No two biomass facilities are the same. When it comes to designing a wood yard and fuel-feed system, one size decidedly does not fit all.
Every facility has different needs and capacities when it comes to fuel handling. A study of 20 biomass power plants conducted by the National Renewable Energy Laboratory documented a range of tons burned per year from 98,000-846,000 tons – meaning that a plant on the high end can burn 8.6x as much as a plant on the low end.
Produced by a host of factors, these dramatic differences demonstrate that prefab or cookie-cutter fuel-feed designs could be unnecessarily costly, and even overkill, for many greenfield installations or conversion plants, whether dedicated exclusively to biomass or established for co-firing.
The burning questions
Principals responsible for any biomass projects have major governing considerations to weigh when evaluating wood yard design, including:
- Throughput volume and storage volume: Perhaps the most compelling metrics for determining whether manual or automated handling should be used for the fuel-feed chain
- Physical size of land and facility: Automation can require significant excavation and construction, and typically has a larger footprint than a manual operation
- Upfront capital budget vs. operating budget: Fully automated systems require considerably higher capital outlays to implement, but offer lower operating costs than manual systems
- Climate: Seasonal extremes can force a facility toward greater automation, which can be easily housed in enclosed systems
- Local regulations and public relations: In addition to federal emissions regulations, plants must take into account local requirements governing byproducts such as dust, ash and noise
Stock turnkey fuel-feed systems designed exclusively on a computer without any on-site assessment can overlook the impact of these important factors, resulting in an inefficient or unsuitable system.
Fueling the fire
Effective fuel-feed design has to take into account two primary operations – stackout and reclaiming. The need to shuttle between storage and reclaim piles also can become a major factor, depending on the size, layout and throughput of the facility. Any part of this chain can be designed with various levels of automation.

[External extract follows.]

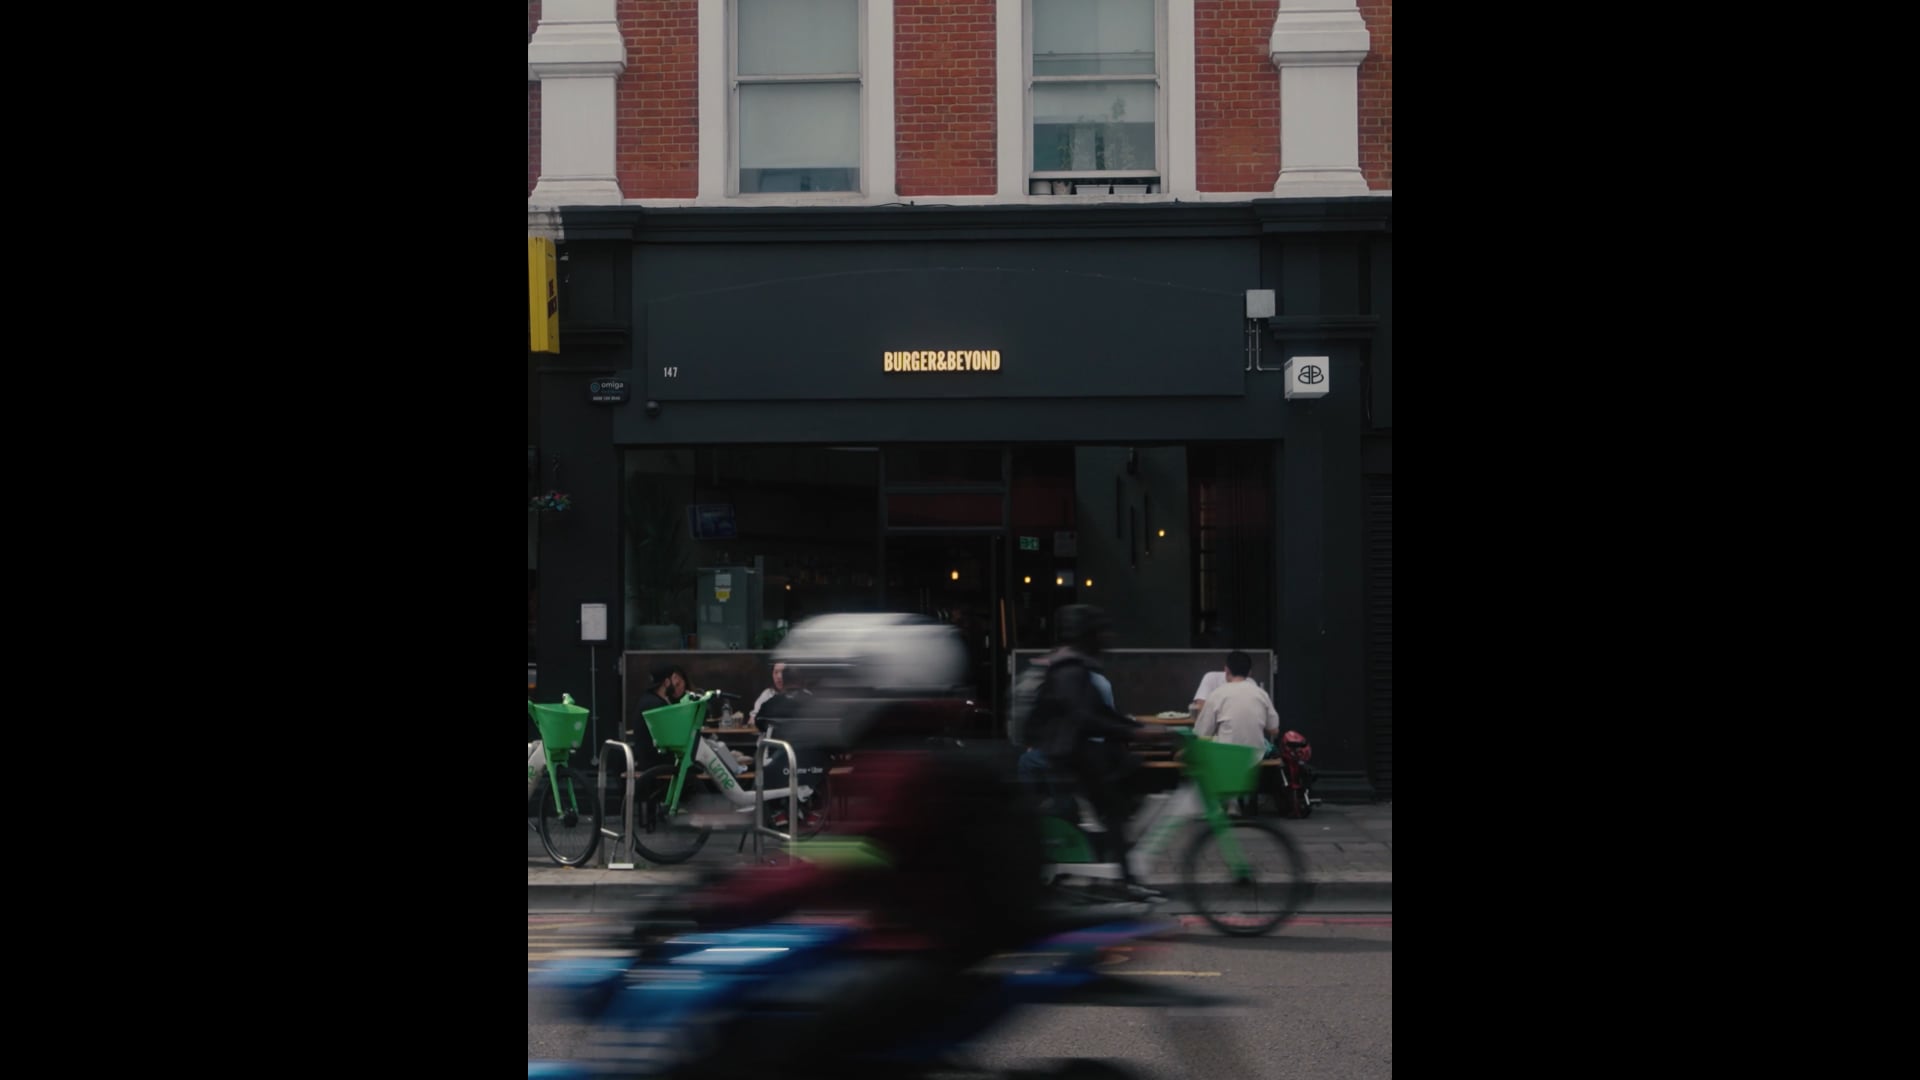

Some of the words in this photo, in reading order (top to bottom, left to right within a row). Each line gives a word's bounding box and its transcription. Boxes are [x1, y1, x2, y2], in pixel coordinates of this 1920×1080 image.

[884, 350, 1001, 371] BURGER&BEYOND
[663, 366, 678, 378] 147
[601, 381, 624, 390] omiga

The rule of thumb is that the greater the automation, the higher the capital costs and the lower the operating costs. The inverse also is true: The less automation in the system, the lower the capital costs but the higher the operating costs.
There are three general classes of site design: fully automated, manual and semi-automated. At the extremes of the scale of possible site designs and costs, the fully automated and manual approaches have distinct pros and cons, as displayed in Table 1.
First degree: Automated
The criteria used to evaluate whether a prospective facility would benefit from a fully automated or manual approach can vary from project to project. A major university in the Midwest recently opted for full automation based on a multitude of factors, including fuel-feed requirements, weather conditions and long-term operational costs.
The university’s entire wood yard system had to fit in a half-acre area and needed to be fully enclosed due to harsh northern winters and regional dust control requirements. Full system enclosure eliminated the need for front-end loaders, reducing both labor costs and operator exposure to dust and weather.
The university’s fuel-feed and storage requirements also heavily influenced the system’s final design. The feed system needed to be capable of receiving up to 60 tons/hour, fed directly into an 110,000 cu.ft. storage unit. From the storage unit, feed would then be delivered to two boilers at a rate of up to 9 tons/hour.